Subpoenas were issued for the cops after Senator Antonio Trillanes IV filed a resolution seeking an inquiry into the DDS, allegedly headed by former Davao Mayor and now President Rodrigo Duterte.

he went to the Senate inquiry with their lawyers. Gordon said the cops hadn't asked for protection yet from the Senate, but he maintained, "they're policemen; they can take care of themselves."

Gordon added, the only protection the Senate can offer is an executive session. He, however, said he sees no need for it unless the 13 cops request for it.

"It's better if we open it up to everybody. Although Senator Lacson and I initially thought that we should have an executive session, but as far as I'm concerned, if they have nothing to hide, they should show it and they should answer all the queries of the senators in so far as the alleged existence of the Davao Death Squad," he said.
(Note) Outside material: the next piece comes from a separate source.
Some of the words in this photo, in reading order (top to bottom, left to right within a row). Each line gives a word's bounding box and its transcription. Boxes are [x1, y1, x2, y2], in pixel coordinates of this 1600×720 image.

"Remember, we are here in aid of legislation, not in aid of television," he added.

He maintained, the hearing is not meant to prosecute anyone, but is geared towards determining whether there are indeed extrajudicial killings and whether policemen are doing their jobs in accordance with the law.

He noted, they want to know if an internal affairs committee is probing any shooting altercation a cop gets tangled into, and if there will be a need for body cameras or dashboard cameras for the cops on duty, or if there is a need for more penal facilities.
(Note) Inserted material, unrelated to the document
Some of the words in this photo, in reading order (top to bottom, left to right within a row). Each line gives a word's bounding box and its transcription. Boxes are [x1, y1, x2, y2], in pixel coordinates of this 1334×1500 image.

He highlighted, policemen are not military men who are "trained to eliminate their enemy."

"The policemen are civilians that have been authorized by the government to carry firearms to protect the public. They’re not there to eliminate anybody unless they are in severe danger of getting killed themselves, and they still have to justify the killing as justifiable self-defense. Absent that, no policeman has the right to be a jury and [executioner]," he said. 

He added, they will not only look into the advent of vigilante killings but also into the killings perpetrated by assailants aboard motorcycles.

"We want to know what the police has done with this. We cannot just say there are too many of them. We cannot just shrug our shoulder and say we cannot do anything about it. It is the duty of the police to protect the people and we want to know what they’re doing about it," he said.